How do you motivate yourself to keep studying in medical school?

Medical school overloads you with content and you often have insufficient time to cover the materials required but you must keep going on, day after day, being on the ball always. Medical students might be the selected people who can take all the stress, etc but how do you keep yourself motivated always?

This question was originally posted on Quora.com, and below are some of the best answers:

Drew Young, works at Boston Children’s Hospital

The most successful students share something in common. There’s no technical way I can say this other than:

There’s a fire in their belly.

In my first year of medical school, I signed up to be a “big brother” to a 6-year old boy with congenital deafness and chronic renal insufficiency (I am reasonable in ASL so it was a natural fit). I was able to sit with him during his clinic visits and renal ultrasounds. We read together during his 3-hour dialysis sessions trading comic books. I sat with him as the anesthesiologist was prepping him for his much needed kidney transplant. I remember trying wildly to distract him with bad jokes during his IV placement. I saw him buckle on the ventilator while nurses hastily tried to sedate him. I learned of not one, but several medical errors during his hospitalization. I saw how happy his family celebrated his home-coming followed by their desperate struggle to administer the numerous immune-modulating medications. He refused. His family felt overwhelmed and unprepared. When we learned his body was rejecting his new kidney, I couldn’t believe how much I would be affected.

Having this experience as a student lit a fire in my belly. In class, when we were taught about the clinical manifestations of renal failure, the role of hemodialysis, and the peri-operative management of transplant medicine: I was goal-directed in my learning. I was desperate to learn more about mechanical ventilation and how to make patients more comfortable while recovering from surgery. When we encountered child psychology, the content wasn’t elusive – it was familiar and revealing. When we disussed quality and safety in healthcare, I viewed each lessons through the eyes of my paired family and my little brother. I challenged my instructors and I remember believing we, as a medical community, can and must do better.

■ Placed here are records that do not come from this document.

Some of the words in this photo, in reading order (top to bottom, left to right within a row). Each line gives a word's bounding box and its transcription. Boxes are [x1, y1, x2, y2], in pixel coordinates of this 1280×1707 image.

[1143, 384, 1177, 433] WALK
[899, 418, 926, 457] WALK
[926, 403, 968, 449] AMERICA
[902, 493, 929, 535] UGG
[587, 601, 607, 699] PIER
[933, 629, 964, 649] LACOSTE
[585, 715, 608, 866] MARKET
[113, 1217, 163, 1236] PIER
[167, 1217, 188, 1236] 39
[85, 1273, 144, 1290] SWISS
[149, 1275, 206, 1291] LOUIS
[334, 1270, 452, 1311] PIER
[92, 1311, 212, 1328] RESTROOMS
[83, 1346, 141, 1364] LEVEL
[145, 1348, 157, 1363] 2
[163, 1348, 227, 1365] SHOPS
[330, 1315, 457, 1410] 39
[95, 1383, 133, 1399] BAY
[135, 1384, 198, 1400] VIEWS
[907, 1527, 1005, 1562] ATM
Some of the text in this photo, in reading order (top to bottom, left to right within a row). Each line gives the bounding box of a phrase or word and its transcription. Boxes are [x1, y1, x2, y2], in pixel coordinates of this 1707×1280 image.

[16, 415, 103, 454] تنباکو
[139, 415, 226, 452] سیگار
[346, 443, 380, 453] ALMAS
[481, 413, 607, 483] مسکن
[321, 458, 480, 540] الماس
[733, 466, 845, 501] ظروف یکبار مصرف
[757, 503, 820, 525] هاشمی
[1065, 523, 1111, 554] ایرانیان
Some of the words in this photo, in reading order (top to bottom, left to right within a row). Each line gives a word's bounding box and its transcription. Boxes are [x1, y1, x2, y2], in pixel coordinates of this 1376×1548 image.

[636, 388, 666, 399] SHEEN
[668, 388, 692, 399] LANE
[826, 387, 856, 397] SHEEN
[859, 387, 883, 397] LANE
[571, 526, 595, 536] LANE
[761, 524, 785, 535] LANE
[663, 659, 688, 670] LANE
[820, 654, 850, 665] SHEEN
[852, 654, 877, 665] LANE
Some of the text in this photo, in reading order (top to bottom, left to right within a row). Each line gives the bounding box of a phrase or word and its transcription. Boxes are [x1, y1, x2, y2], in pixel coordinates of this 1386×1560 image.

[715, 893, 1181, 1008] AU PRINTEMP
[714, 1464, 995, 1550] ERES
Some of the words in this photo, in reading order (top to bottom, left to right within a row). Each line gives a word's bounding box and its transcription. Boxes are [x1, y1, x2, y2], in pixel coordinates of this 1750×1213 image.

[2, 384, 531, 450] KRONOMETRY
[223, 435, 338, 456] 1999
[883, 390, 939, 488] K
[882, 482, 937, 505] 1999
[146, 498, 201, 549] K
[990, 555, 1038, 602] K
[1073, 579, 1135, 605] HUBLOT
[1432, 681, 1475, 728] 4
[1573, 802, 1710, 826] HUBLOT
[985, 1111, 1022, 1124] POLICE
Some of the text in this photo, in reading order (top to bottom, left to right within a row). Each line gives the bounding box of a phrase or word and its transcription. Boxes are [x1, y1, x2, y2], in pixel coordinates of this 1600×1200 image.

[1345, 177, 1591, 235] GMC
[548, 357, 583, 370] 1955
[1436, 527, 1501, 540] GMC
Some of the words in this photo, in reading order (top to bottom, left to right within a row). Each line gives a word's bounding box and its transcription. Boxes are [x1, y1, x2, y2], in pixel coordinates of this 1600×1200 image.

Take a stroll through the halls of a medical ward, observe a surgical operation, or regularly chat with a would-be mentor. And if the opportunity exists, connect with a patient who sits in the middle of everything we do as a medical community.

The most motivating influences are to find ways that brings focus into your journey, the very fires that lit your passage to medical school.

Peter Wei, Monkey with a pen

Let’s do a quick back of the envelope calculation. Assume that you’ll be practicing for 30 years – although many physicians practice well into their 70s and beyond. And let’s give you a leisurely clinic schedule of 10 patients a day. This means that you’ll have 75,000 patient visits over the course of your career. Many of them will be sniffles and scrapes – common problems that anyone with some training can manage. But some of them will be more challenging, testing the limits of your skills of diagnosis and management. And this is where the depth of your knowledge will make a difference.

Maybe one in 50 patients – 2% of them – have an unusual presentation or require unconventional treatment. They’re the rare “zebras,” the ones where you have to go above and beyond cookbook medicine. Over the course of your career, the number of such patients you will encounter is 1,500. Throughout medical school, residency, and the lifelong learning beyond, how well you learn your craft will have a massive impact on 1,500 lives.

Medical students already been selected by a process that rewards diligence and perseverance. And medical school uses the normal array of academic carrots and sticks – grades, evaluations, and standardized test scores. Most of the time, this is enough reinforcement to study obscure biochemical pathways and the intricacies of human anatomy. But at the end of the day the realization that this is not just an academic game – that how effectively one learns the important stuff will have far-reaching future consequences – can be a powerful motivator.